Celebrating Survivors: Self-exams can be key to catching breast cancer early
Grace Jernberg saw a doctor after finding a lump during a self-exam in 1979.
She can still recall the receptionist’s casual attitude when Jernburg told her she believed she had cancer, and she was scheduled an appointment for a full week after her visit.
“I was talking to a friend of mine, and she said ‘You should have had an appointment yesterday,’” Jernberg said.
That friend convinced Jernberg to call back and have her doctor’s appointment moved up. After an exam, it was determined that she had breast cancer.
“It had been so unexpected,” Jernberg said. “Everybody thinks that it won’t happen to them, but when it does, they’re shocked.”
Although she didn’t have to undergo chemo, Jernberg did have to have a mastectomy.

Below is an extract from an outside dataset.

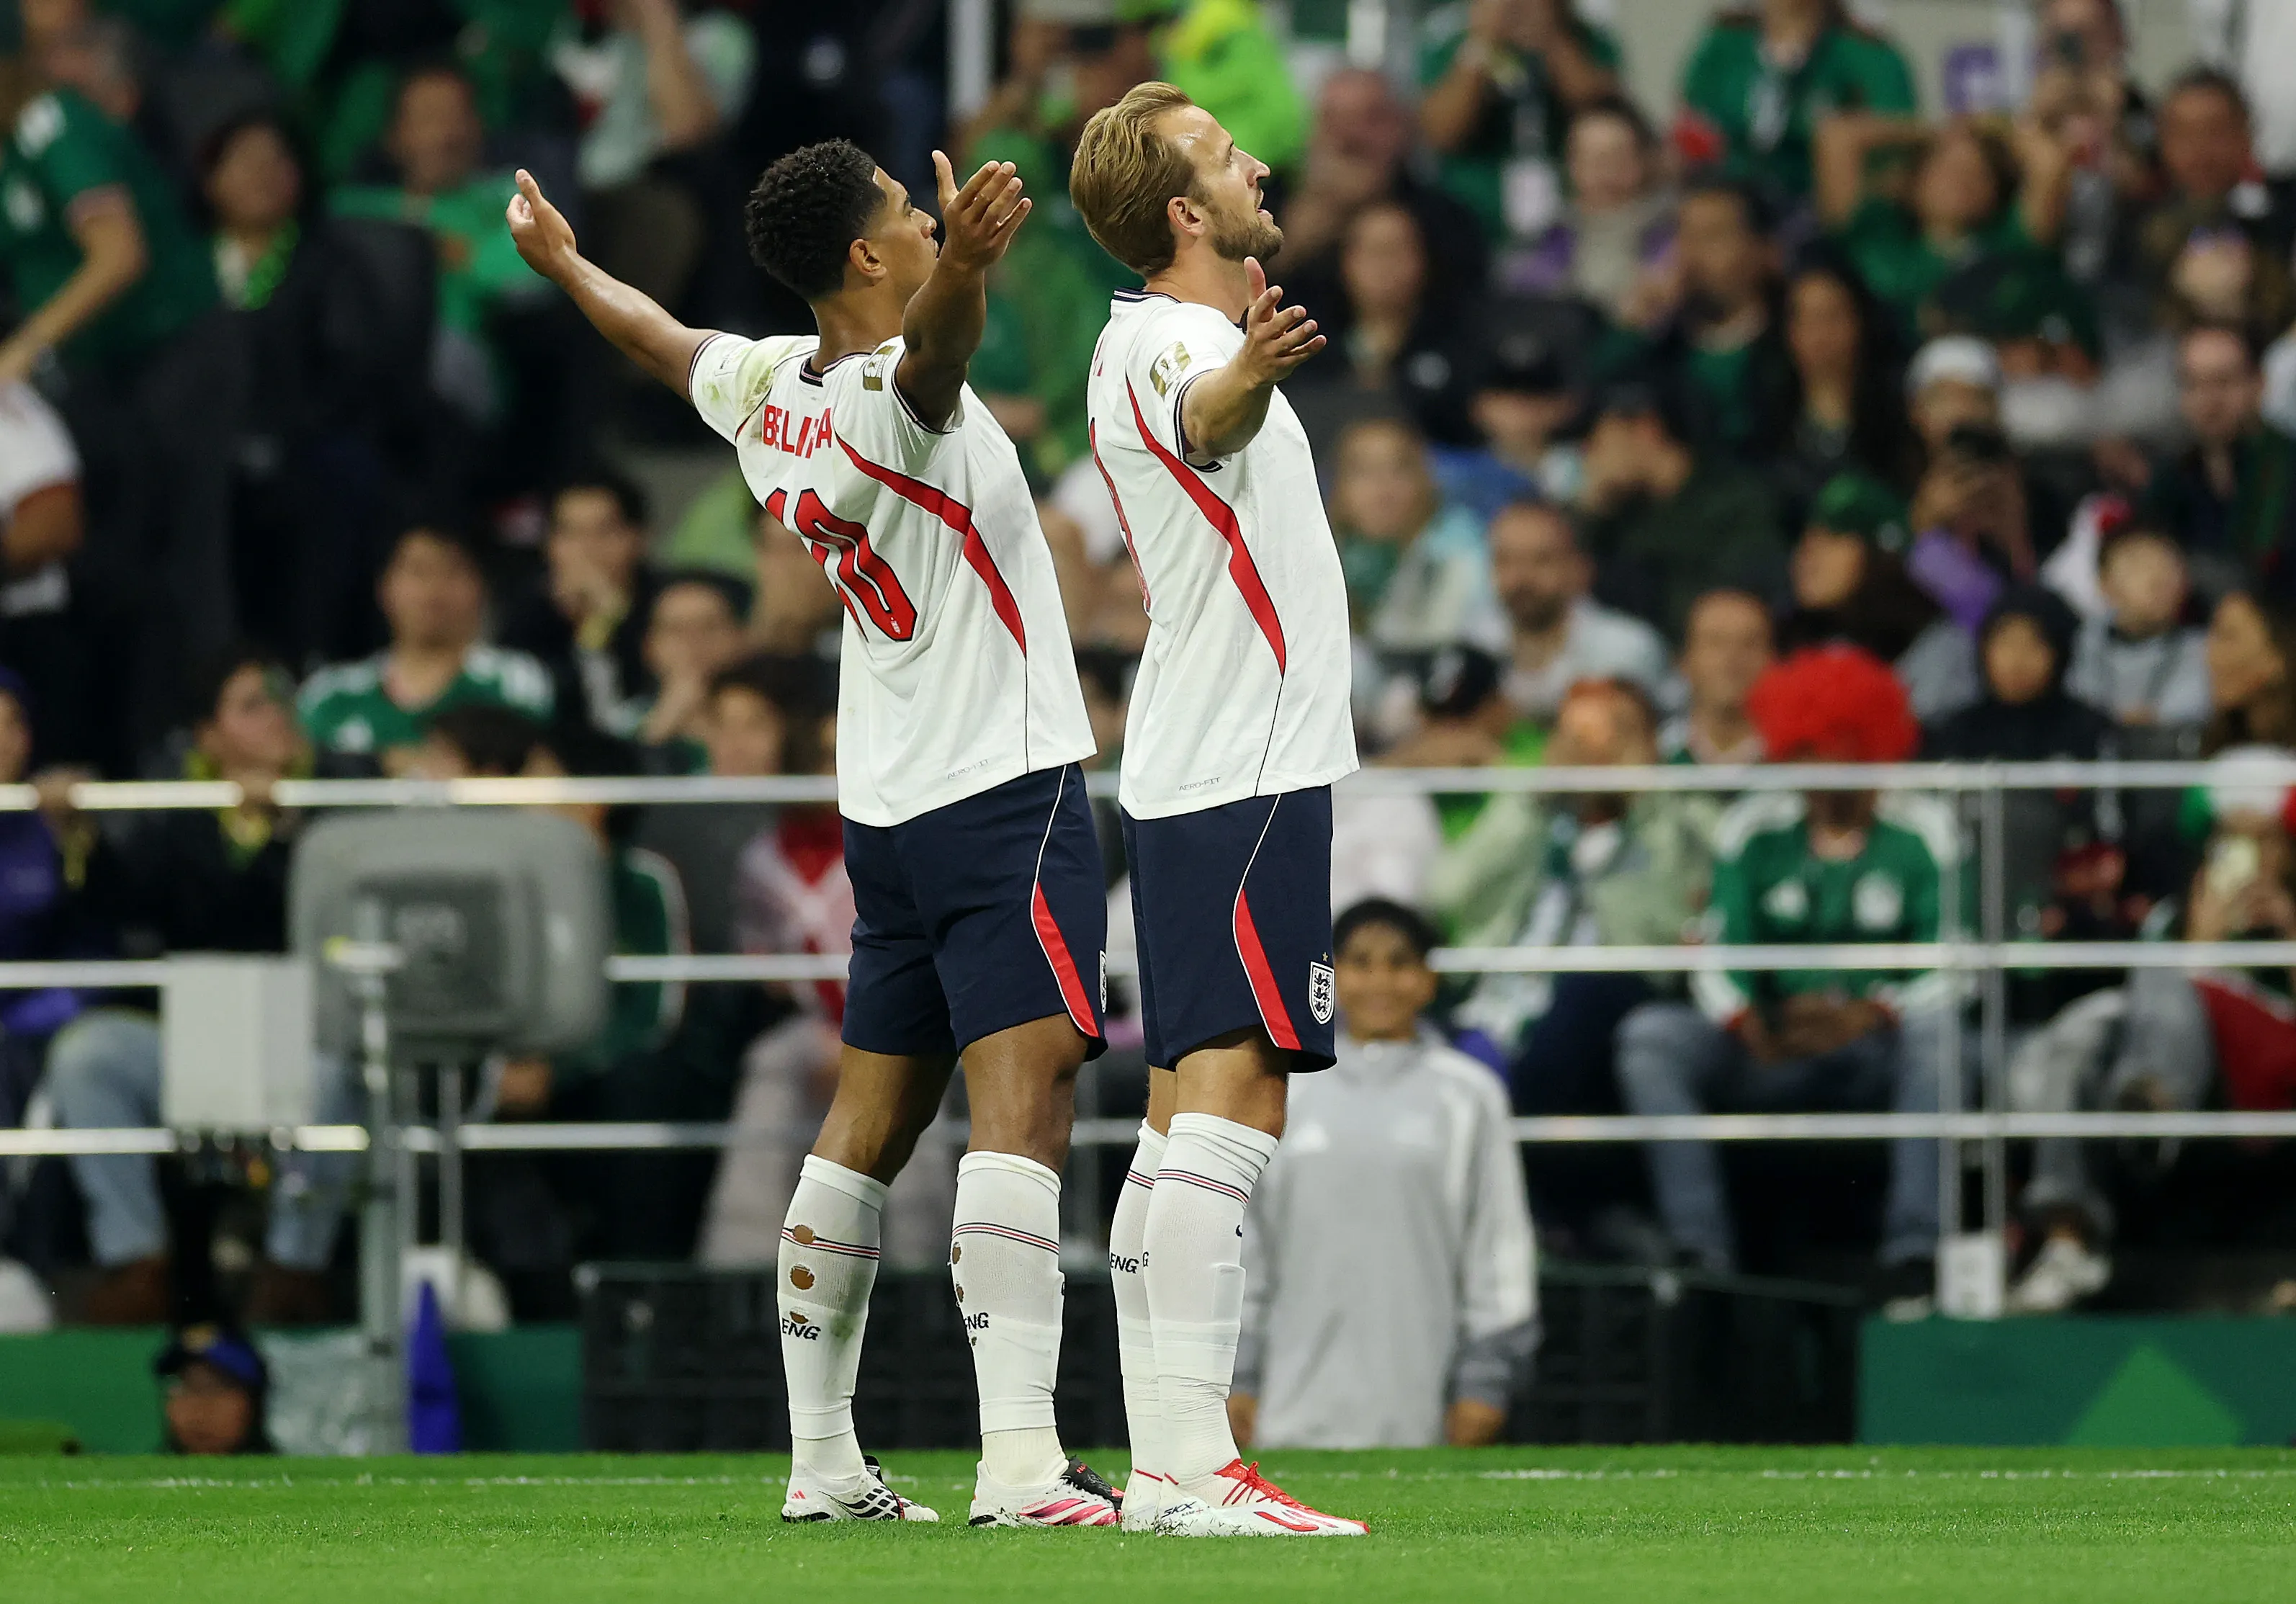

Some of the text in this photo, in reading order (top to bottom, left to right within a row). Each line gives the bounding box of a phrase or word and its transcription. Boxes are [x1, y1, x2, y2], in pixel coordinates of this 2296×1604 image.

[1178, 776, 1221, 791] AERO-FIT
[1109, 1252, 1139, 1274] ENG
[781, 1317, 822, 1341] ENG
[1160, 1500, 1197, 1519] SKX

Mastectomies can be difficult surgeries for women. Jernberg still has a large green sweater that was given to her as a Christmas gift after her surgery. Due to its large size, Jernberg said that wearing it made her feel like she was still “normal” after her mastectomy.

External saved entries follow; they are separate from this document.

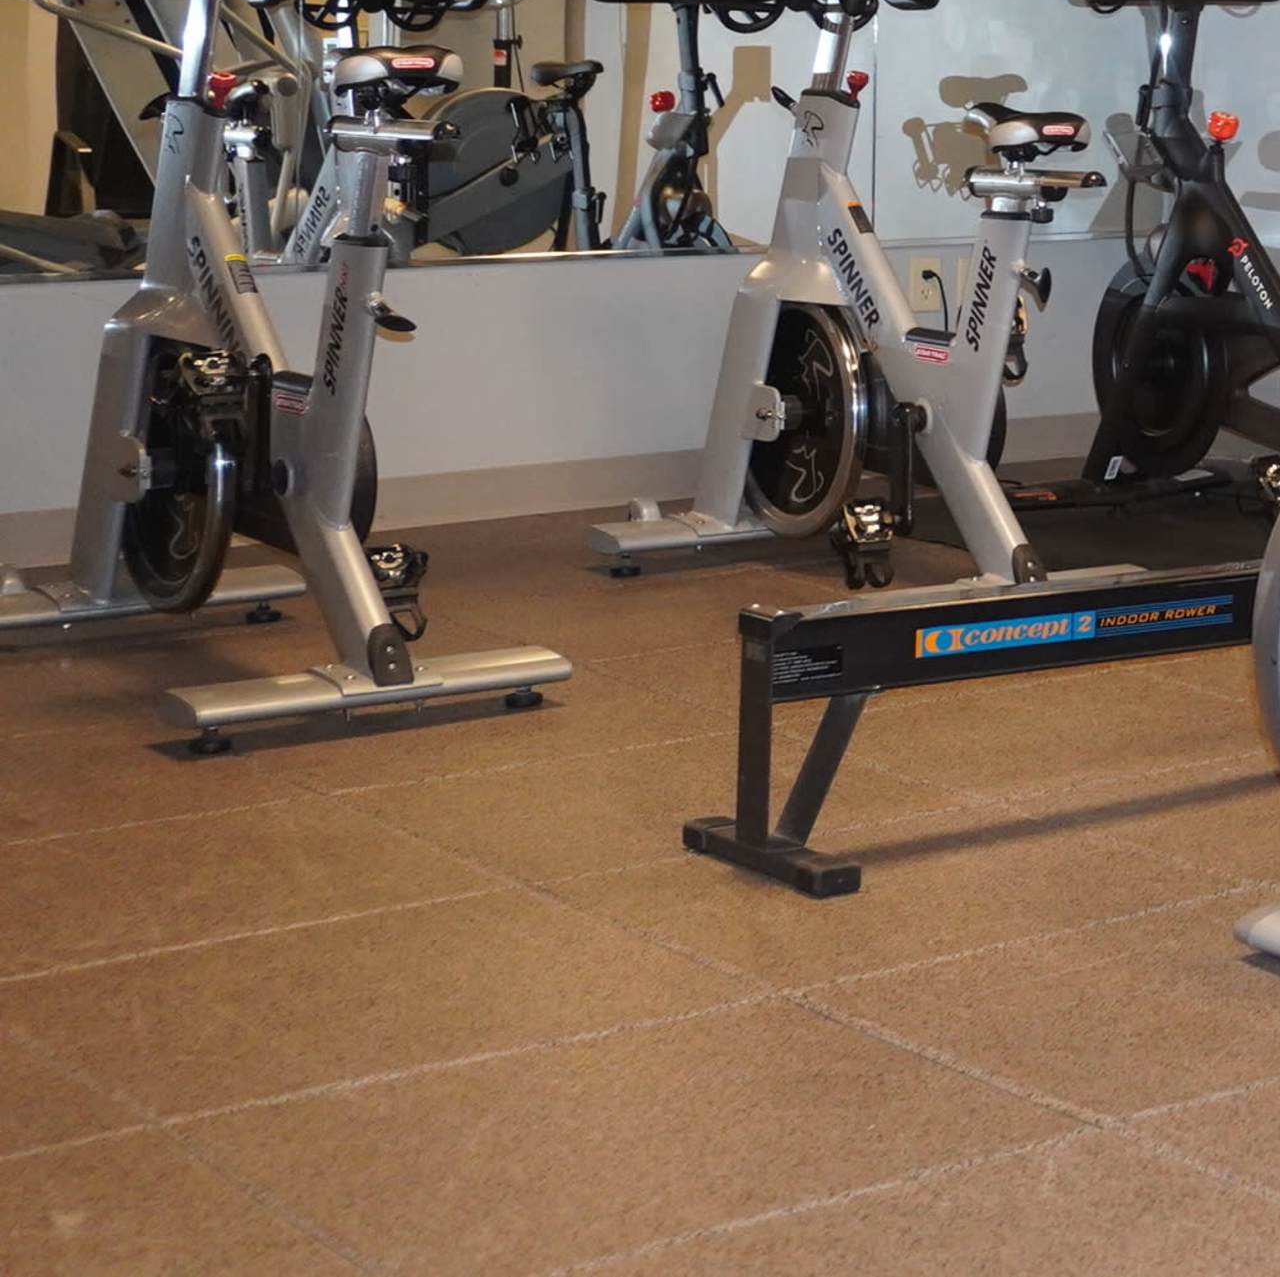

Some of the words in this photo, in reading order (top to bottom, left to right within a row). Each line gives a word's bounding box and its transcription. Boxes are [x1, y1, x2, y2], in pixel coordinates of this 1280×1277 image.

[826, 227, 881, 329] SPINNER
[965, 245, 998, 352] SPINNER
[1239, 255, 1274, 311] PELOTON
[322, 287, 349, 396] SPINNER
[965, 616, 1070, 645] concept
[1076, 615, 1094, 633] 2
[1100, 610, 1159, 628] INDOOR
[1165, 605, 1217, 620] ROWER

Support from family and friends helped Jernburg heal – especially support from her husband.
“Fortunately, my husband was very good to me,” Jernberg said. “He depended on me, and I didn’t know how he operated when somebody was sick and he had to take care of them.”
While her husband helped a great deal, Jernberg attributes much of her strength to her faith.
“I think the thing that I really depended on to get through that was that I had a spiritual renewal about four years before, so I knew I needed to depend on God to get me through it,” Jernberg said. “That made a difference because I was always a worrier. I always expected the worst.”
Jernberg said it is important for people to self-exam, given what she went through. Because of her self-exam, the cancer was caught early and affected a small area.
Next year, Jernberg will become a 40-year survivor of breast cancer.